John P. Elkin was an attorney and political figure who served in the Pennsylvania House of Representatives (1885-1887), as Attorney General of Pennsylvania (1899-1903), and as an Associate Justice of the Pennsylvania Supreme Court (1905-1915). He and members of his family are at rest the in the recently-restored Elkin Mausoleum. This classical structure suggests the family’s prominence within the Indiana Community and is a signature memorial in the Oakland Cemetery..
John Elkin was the son of Francis and Elizabeth Pratt Elkin. The family moved to the farming village of Smicksburg in 1869, where Elkin received a rudimentary education. In 1873, the family moved to Wellsville, Ohio, where his father opened a tin-plate factory, where Elkin worked while in his early teens. In 1875, the factory failed, and the family moved back to Smicksburg. Elkin taught school there.

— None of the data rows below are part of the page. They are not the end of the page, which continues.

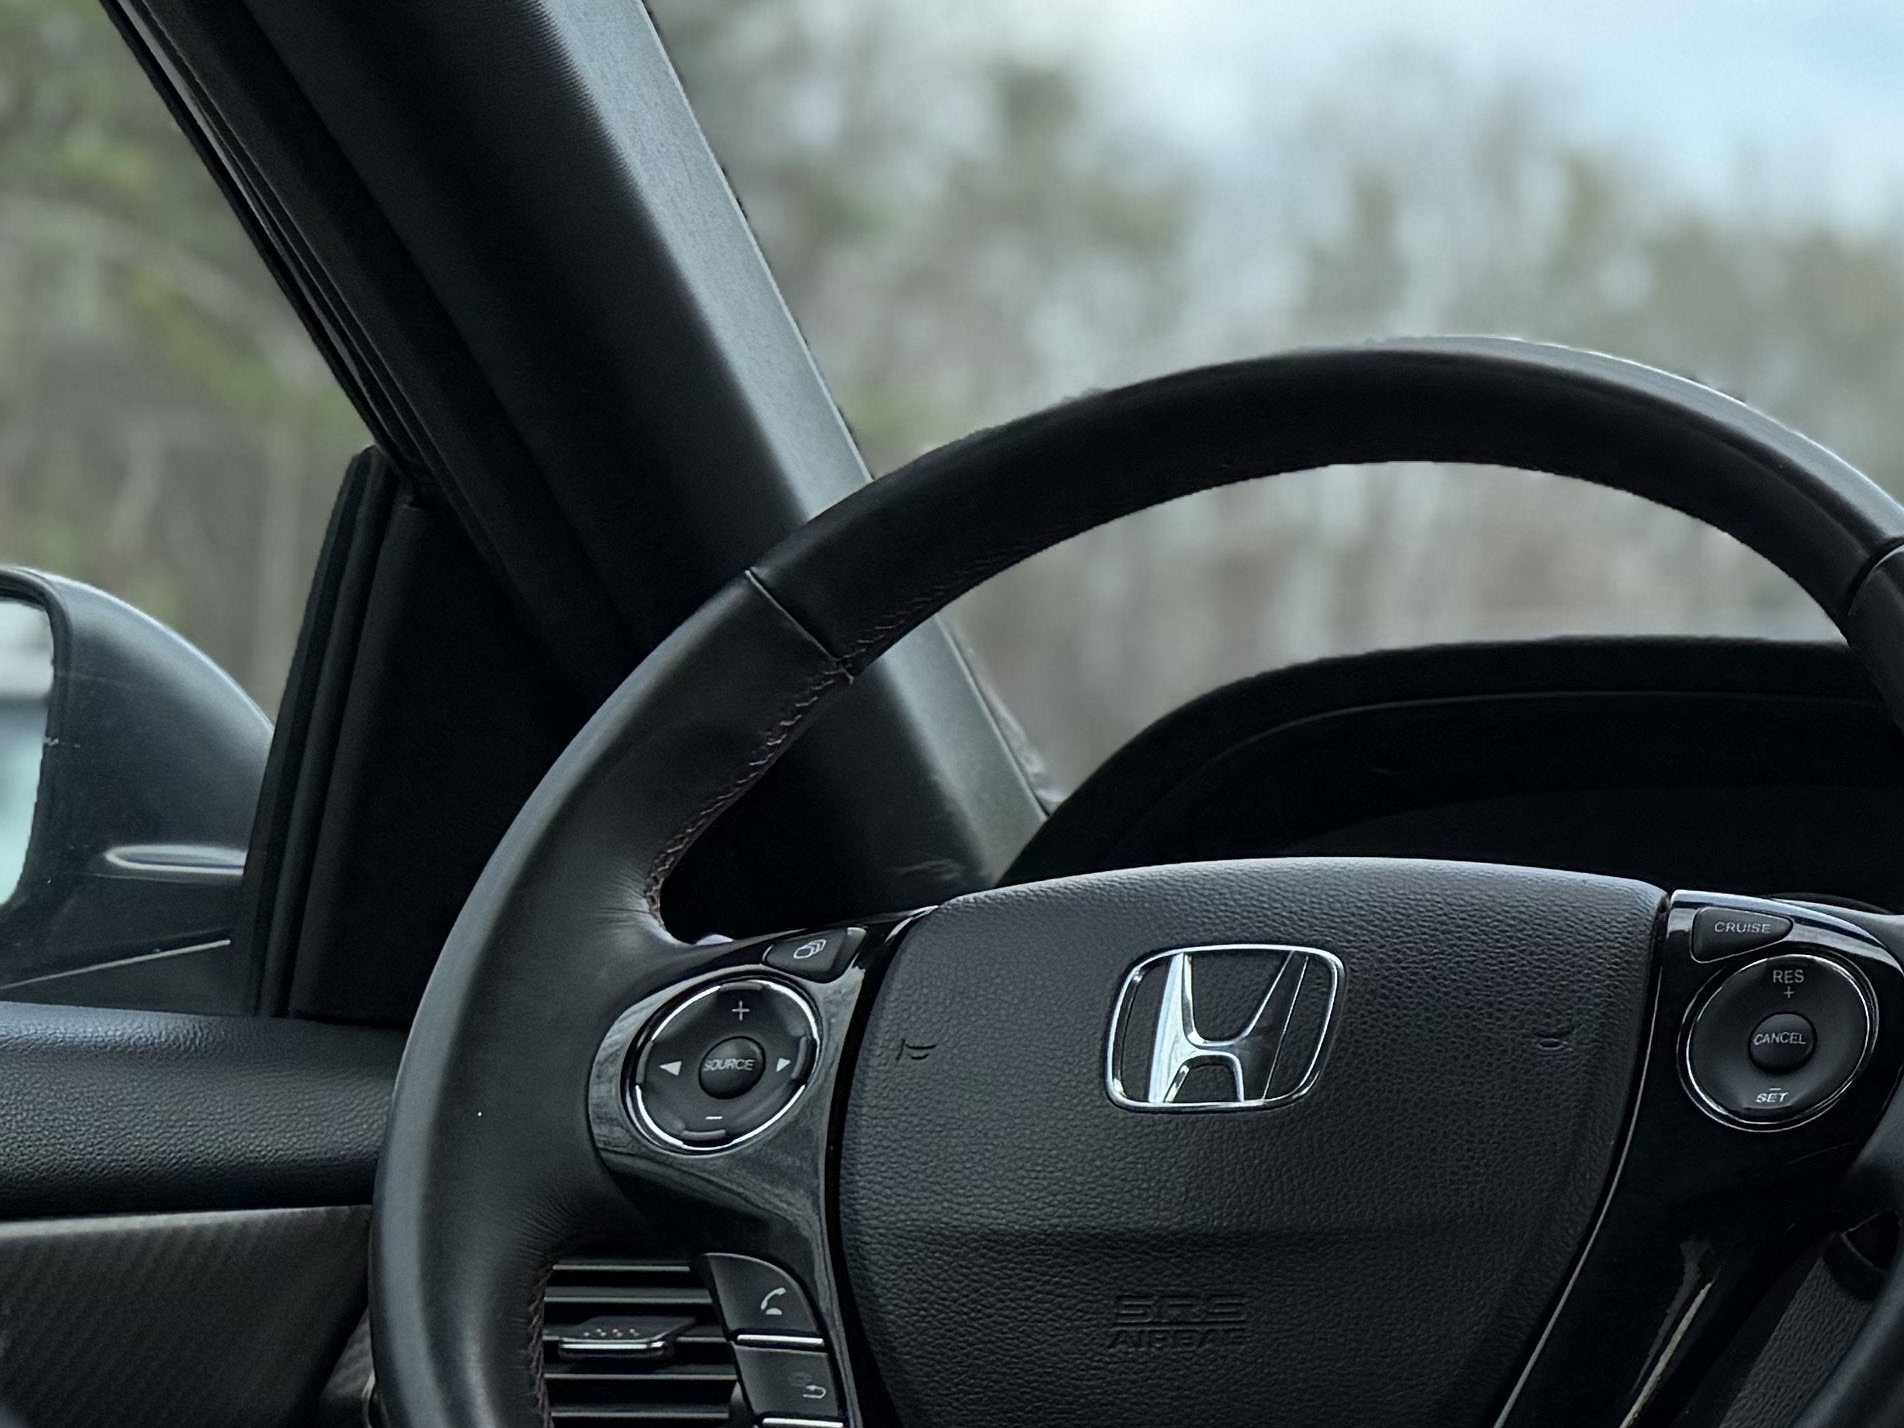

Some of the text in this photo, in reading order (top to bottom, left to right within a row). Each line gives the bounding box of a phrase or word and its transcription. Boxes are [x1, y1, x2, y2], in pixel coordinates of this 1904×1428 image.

[1714, 920, 1772, 933] CRUISE
[1772, 969, 1805, 984] RES
[1753, 1031, 1807, 1046] CANCEL
[703, 1057, 756, 1072] SOURCE
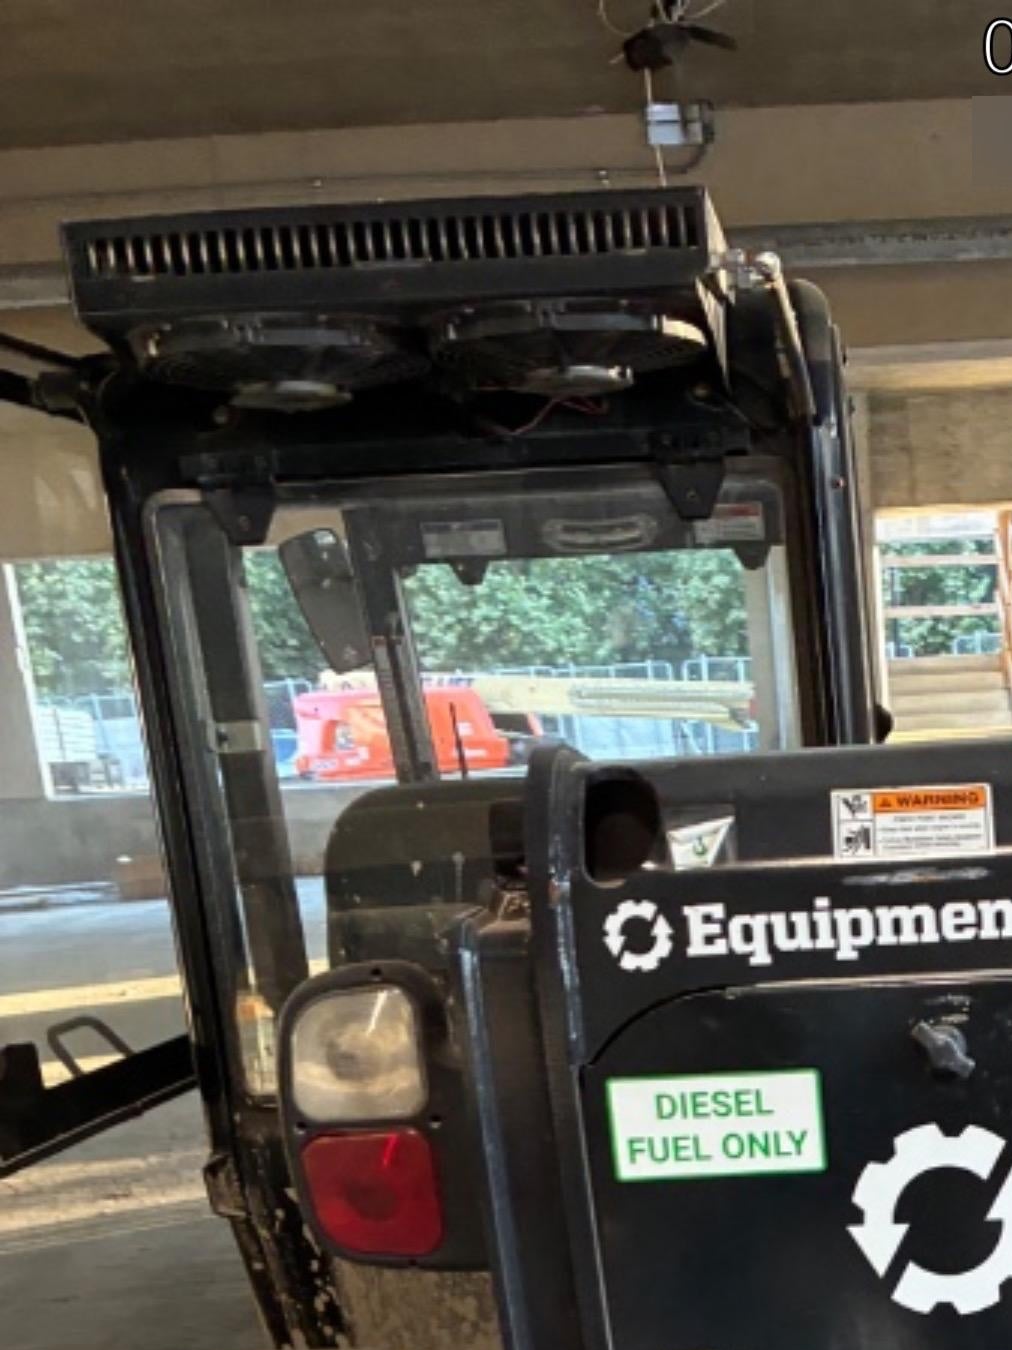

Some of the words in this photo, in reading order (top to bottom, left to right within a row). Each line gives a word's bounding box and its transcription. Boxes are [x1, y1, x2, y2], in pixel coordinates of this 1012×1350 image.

[896, 791, 979, 807] WARNING
[655, 1088, 774, 1120] DIESEL
[627, 1134, 713, 1164] FUEL
[721, 1129, 809, 1160] ONLY

In 1881, Elkin studied law at the University of Michigan, graduating in 1884. He married Adda Prothero that summer and was elected to the State House that fall. Elkin was admitted to the Bar of Indiana County in 1885 and served two terms in the state House, 1885–86 and 1887–88. He was appointed Deputy Attorney General in 1895, a position he resigned from–under pressure–in 1897. He was also 1896 chairman of the state Republican committee, and had backed Senator Quay, the party’s “kingmaker,” for President. Elkin was appointed Attorney General in 1899.
In 1902, John Elkin tried to run for governor and expected to win the Republican nomination on the first ballot; but political boss Matthew Quay backed Judge Pennypacker and successfully bribed key Elkin supporters at the nominating convention. In 1904, a vacancy arose on the state’s Supreme Court. Governor Pennypacker was nominated by his party to run in the special election to fill the vacancy, but he declined. Elkin was then nominated and elected. Elkin served on the bench until his death on October 3, 1915. Justice Elkin died in a Philadelphia hospital. His funeral was conducted at Breezedale, the family home—now the Alumni center of IUP. The Elkin Mausoleum is available for tours with advance notice.